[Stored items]
Segment Open

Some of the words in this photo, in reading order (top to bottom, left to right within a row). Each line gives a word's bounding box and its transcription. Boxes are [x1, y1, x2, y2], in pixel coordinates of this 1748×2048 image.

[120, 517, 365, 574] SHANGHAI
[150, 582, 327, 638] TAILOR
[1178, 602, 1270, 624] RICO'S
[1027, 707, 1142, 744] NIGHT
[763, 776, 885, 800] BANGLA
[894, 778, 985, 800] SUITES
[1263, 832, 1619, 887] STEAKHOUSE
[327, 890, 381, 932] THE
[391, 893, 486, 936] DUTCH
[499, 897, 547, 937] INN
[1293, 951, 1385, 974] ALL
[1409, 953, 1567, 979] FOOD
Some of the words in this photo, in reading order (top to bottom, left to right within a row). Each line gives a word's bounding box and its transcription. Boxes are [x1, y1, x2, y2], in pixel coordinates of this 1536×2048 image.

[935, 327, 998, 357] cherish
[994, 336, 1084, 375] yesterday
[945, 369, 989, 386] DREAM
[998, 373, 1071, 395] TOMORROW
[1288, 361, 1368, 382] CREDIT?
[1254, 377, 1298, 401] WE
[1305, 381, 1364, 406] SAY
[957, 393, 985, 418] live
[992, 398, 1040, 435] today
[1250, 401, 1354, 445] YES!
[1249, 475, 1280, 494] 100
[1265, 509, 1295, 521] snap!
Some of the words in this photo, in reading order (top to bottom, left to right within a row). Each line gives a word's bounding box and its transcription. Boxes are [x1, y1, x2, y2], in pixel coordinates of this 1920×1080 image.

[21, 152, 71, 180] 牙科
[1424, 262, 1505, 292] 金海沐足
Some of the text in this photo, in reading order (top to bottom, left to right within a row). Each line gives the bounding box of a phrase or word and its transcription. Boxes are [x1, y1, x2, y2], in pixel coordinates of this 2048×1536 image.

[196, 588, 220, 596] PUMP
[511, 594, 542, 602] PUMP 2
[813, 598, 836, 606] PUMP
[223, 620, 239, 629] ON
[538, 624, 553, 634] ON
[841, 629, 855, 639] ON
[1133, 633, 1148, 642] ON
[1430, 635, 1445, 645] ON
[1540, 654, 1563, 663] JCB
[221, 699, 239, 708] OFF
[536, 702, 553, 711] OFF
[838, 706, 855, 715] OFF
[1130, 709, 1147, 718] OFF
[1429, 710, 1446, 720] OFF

Segment Closed

**TASK STATEMENT**
Beginning with the line that holds "Some of the text", please return every line through the end of the data, exactly as written.

**SOLVED EXERCISE**
Some of the text in this photo, in reading order (top to bottom, left to right within a row). Each line gives the bounding box of a phrase or word and its transcription. Boxes are [x1, y1, x2, y2], in pixel coordinates of this 2048×1536 image.

[196, 588, 220, 596] PUMP
[511, 594, 542, 602] PUMP 2
[813, 598, 836, 606] PUMP
[223, 620, 239, 629] ON
[538, 624, 553, 634] ON
[841, 629, 855, 639] ON
[1133, 633, 1148, 642] ON
[1430, 635, 1445, 645] ON
[1540, 654, 1563, 663] JCB
[221, 699, 239, 708] OFF
[536, 702, 553, 711] OFF
[838, 706, 855, 715] OFF
[1130, 709, 1147, 718] OFF
[1429, 710, 1446, 720] OFF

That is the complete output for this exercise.